- _Excerpted data_
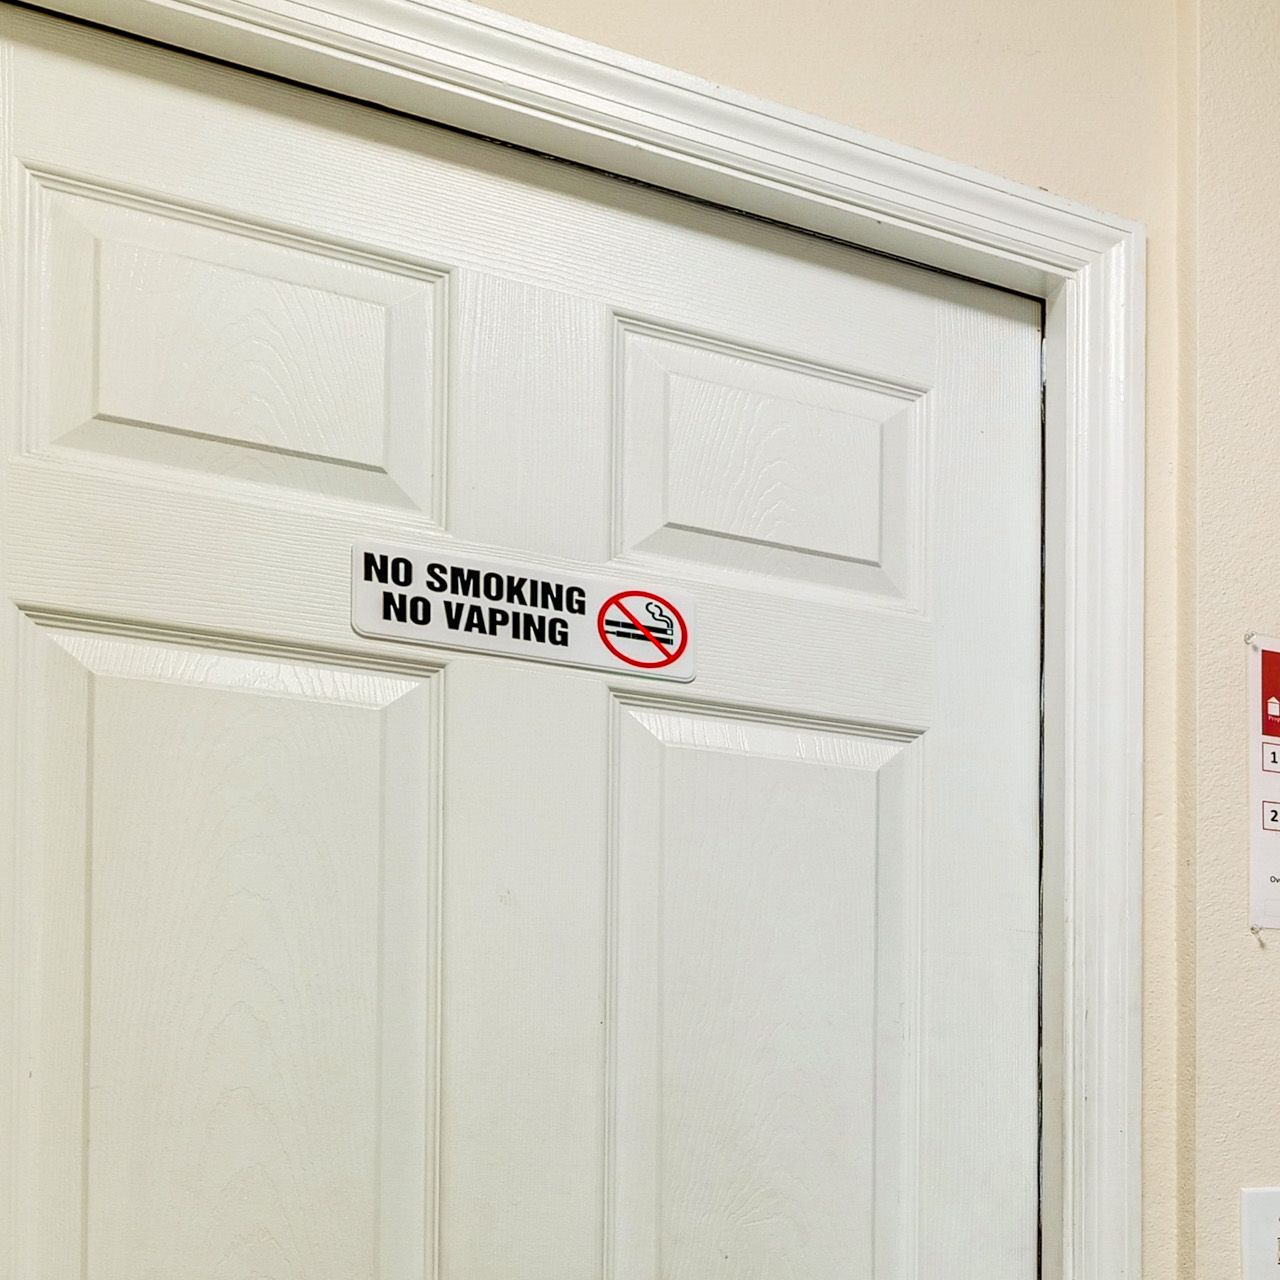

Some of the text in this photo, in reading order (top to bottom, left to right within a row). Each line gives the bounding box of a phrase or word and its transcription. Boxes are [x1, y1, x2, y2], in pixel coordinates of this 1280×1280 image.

[363, 551, 586, 615] NO SMOKING
[382, 591, 569, 647] NO VAPING
[1270, 751, 1278, 764] 1
[1270, 810, 1279, 822] 2

- _Task directions_
Where a record holds a picture, leave the picture out and restate the rest word for word.

- _Response for this exercise_
Some of the text in this photo, in reading order (top to bottom, left to right within a row). Each line gives the bounding box of a phrase or word and its transcription. Boxes are [x1, y1, x2, y2], in pixel coordinates of this 1280×1280 image.

[363, 551, 586, 615] NO SMOKING
[382, 591, 569, 647] NO VAPING
[1270, 751, 1278, 764] 1
[1270, 810, 1279, 822] 2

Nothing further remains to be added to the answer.